Sob a inspiração “Saudades do Que não Vivemos”, a label convida as pessoas a resgatar e celebrar, mesmo que à distância, datas importantes de 2020 que não puderam ser festejadas devido ao isolamento social provocado pela pandemia do Covid-19. “Sempre segui meu coração e vivi como eu queria. Mas este ano realmente me deixou com muitas saudades de abraços, passeios, comemorações e casa cheia”, reconhece.

Na campanha transmitida em todos os canais da Arezzo, Sheron surge com as cores vibrantes dos novos modelos da marca em seus pés e as bolsas deluxe na série de fashion filmes nos quais festeja seu aniversário, o Dia das Mães, dos Namorados e, como não podia deixar de ser, o Verão. De forma leve e humorada, aparece tendo insights para transformar em motivação e aprendizado os acontecimentos difíceis. E transmite de forma otimista até o sentimento da saudade que tomou conta de todos diante da inusitada situação criada pelo coronavírus.
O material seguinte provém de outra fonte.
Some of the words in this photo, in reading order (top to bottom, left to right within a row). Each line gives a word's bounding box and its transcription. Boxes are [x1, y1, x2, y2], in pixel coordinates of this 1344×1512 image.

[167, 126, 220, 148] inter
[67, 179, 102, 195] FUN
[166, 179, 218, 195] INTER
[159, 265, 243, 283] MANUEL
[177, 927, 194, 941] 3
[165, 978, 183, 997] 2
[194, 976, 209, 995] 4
“O storytelling que queremos transmitir gira em torno da saudade, que se tornou comum à toda humanidade diante do momento que estamos passando. Por isso a ideia de criar histórias leves e otimistas como um respiro, além de propor que as pessoas revivam momentos e celebrem essas datas à distância mesmo fora de época, ressignificando até mesmo a ideia de cronologia”, explica Luciana Wodzik, diretora da marca Arezzo.
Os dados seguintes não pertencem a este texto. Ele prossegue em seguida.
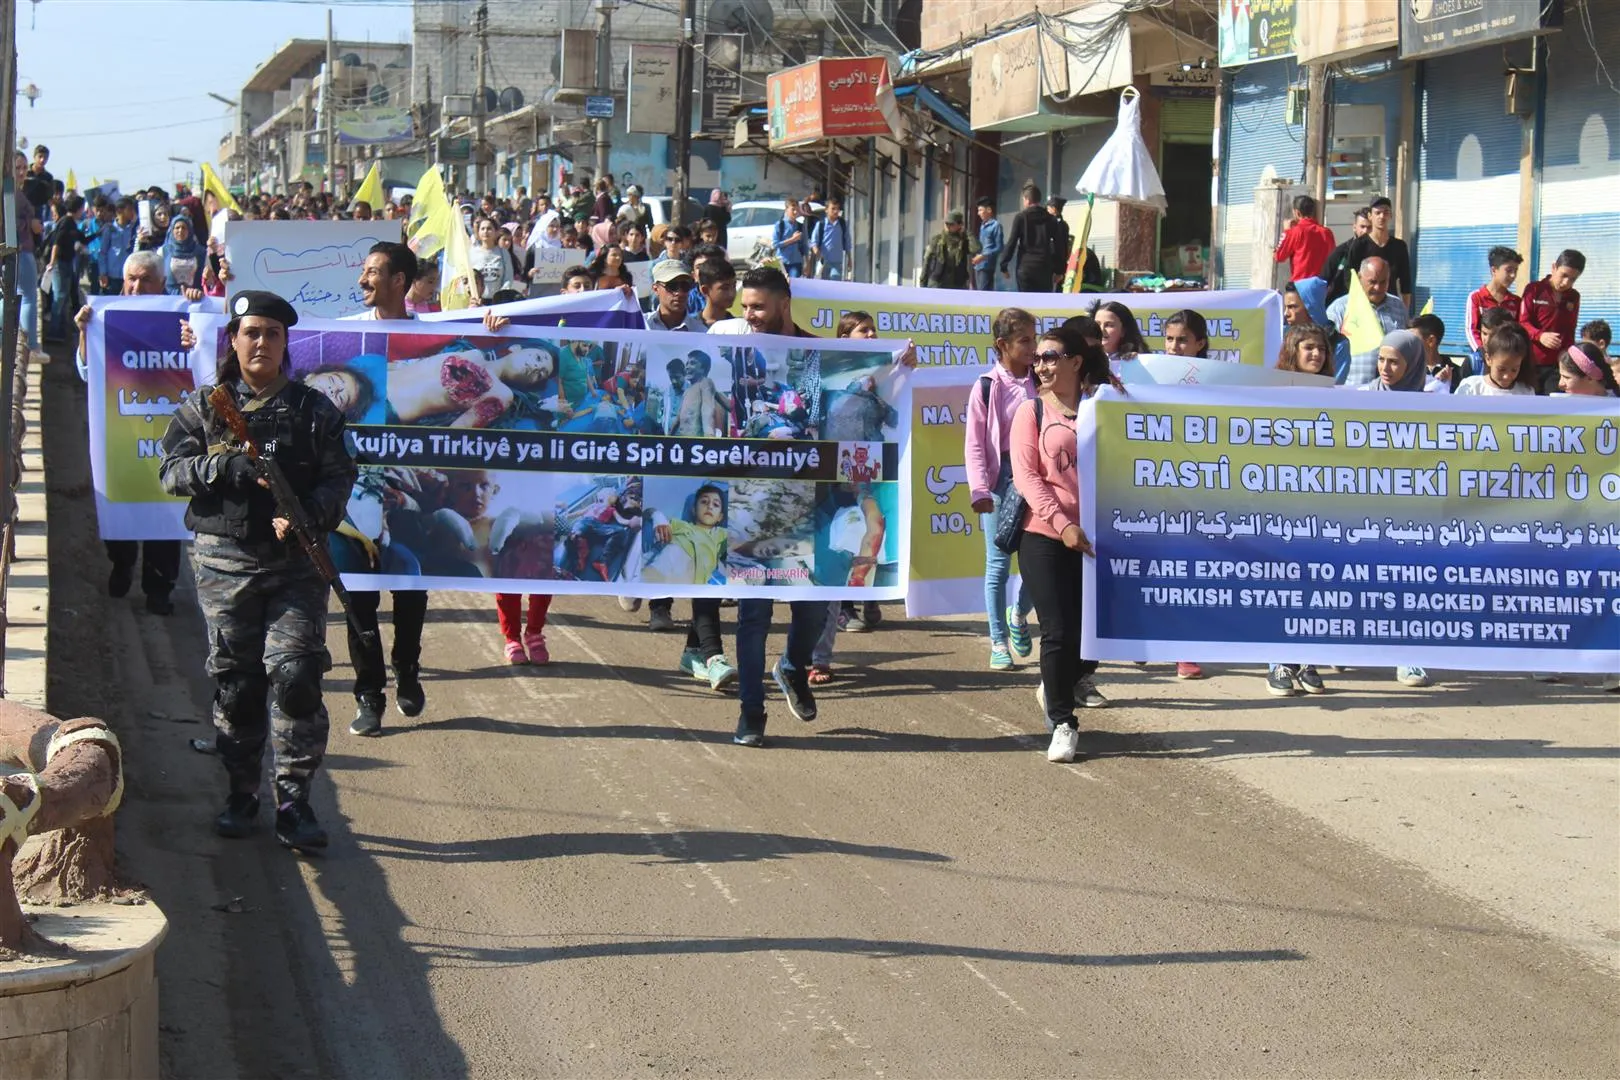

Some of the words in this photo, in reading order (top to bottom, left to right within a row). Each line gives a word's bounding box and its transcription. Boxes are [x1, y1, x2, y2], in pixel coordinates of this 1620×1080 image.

[811, 308, 833, 328] JI
[877, 311, 991, 334] BIKARIBIN
[922, 405, 953, 425] NA
[1125, 413, 1173, 442] EM
[1184, 415, 1217, 444] BI
[1229, 411, 1335, 447] DESTÊ
[1345, 421, 1499, 452] DEWLETA
[1508, 425, 1585, 454] TIRK
[1595, 418, 1618, 455] Û
[430, 435, 511, 461] Tirkiyê
[517, 444, 543, 462] ya
[550, 439, 564, 459] li
[571, 440, 619, 461] Girê
[626, 443, 663, 467] Spî
[671, 443, 685, 464] û
[690, 447, 820, 472] Serêkaniyê
[1134, 455, 1230, 489] RASTÎ
[1240, 460, 1447, 495] QIRKIRINEKÎ
[1459, 463, 1554, 499] FIZÎKÎ
[1566, 465, 1588, 500] Û
[930, 513, 972, 536] NO,
[1112, 508, 1192, 537] الداعشية
[1195, 511, 1261, 539] التركية
[1265, 514, 1317, 543] الدولة
[1321, 521, 1341, 543] يد
[1346, 518, 1381, 543] على
[1385, 518, 1434, 546] دينية
[1439, 519, 1486, 547] ذرائع
[1490, 522, 1530, 544] تحت
[1535, 521, 1584, 549] عرقية
[1110, 558, 1140, 576] WE
[1147, 559, 1187, 577] ARE
[1195, 560, 1300, 579] EXPOSING
[1308, 563, 1334, 580] TO
[1342, 564, 1369, 581] AN
[1377, 564, 1437, 583] ETHIC
[1444, 566, 1559, 585] CLEANSING
[1566, 570, 1592, 587] BY
[1141, 587, 1232, 606] TURKISH
[1239, 589, 1303, 607] STATE
[1309, 591, 1353, 608] AND
[1360, 592, 1396, 609] IT'S
[1403, 593, 1485, 611] BACKED
[1492, 595, 1605, 615] EXTREMIST
[1284, 617, 1356, 636] UNDER
[1363, 619, 1473, 639] RELIGIOUS
[1481, 622, 1570, 641] PRETEXT
Na campanha transmitida em todos os canais da Arezzo, Sheron surge com as cores vibrantes dos novos modelos da marca em seus pés e as bolsas deluxe (Foto: Gleeson Paulino)

A ideia está em sinergia com a análise que Sheron faz sobre o acontecimento que mudou o mundo. Ao traçar um paralelo entre o passado e o presente, aposta que a situação difícil deixará ensinamentos. E, no futuro, nos tornará melhores. “Estávamos vivendo no modo automático. Tínhamos uma enxurrada de informações e funções vindas por todos os lados que não nos ‘deixavam’ parar e respirar. Acho que o hoje e, se Deus quiser, o amanhã, está se desenhando com uma maior valorização do ‘estar’. O mundo nos fez parar e pensar. Hoje, damos atenção a momentos verdadeiramente mais relevantes”, reforça a atriz.
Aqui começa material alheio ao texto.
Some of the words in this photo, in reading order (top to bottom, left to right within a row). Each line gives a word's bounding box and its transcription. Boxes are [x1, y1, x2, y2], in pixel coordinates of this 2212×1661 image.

Mas, além das dores que a situação provocou em sua alma e de muitas pessoas no Brasil e no mundo, ela também experimentou momentos de reflexão que sintetizam esta fase. “Certamente tem as dores de quem perdeu entes queridos, muitos nem conseguiram se despedir. Essa dor, vivida e assistida pelo mundo, nunca sairá da minha alma”, respira fundo.

Um paralelo com o aprendizado durante o período de isolamento? “Ah, foram às 24h diárias que pude passar grudada com meu filho. A infância passa tão rápido, as crianças crescem e ganham o mundo tão depressa, que esse momento no qual pude aproveitar e acompanhar bem de perto cada segundo dele também não sairá da minha alma e muito menos do meu coração”, confessa, com ternura ao falar de Benjamin. Único filho da relação com Saulo Bernard, o menino completa 3 anos em 19 de outubro.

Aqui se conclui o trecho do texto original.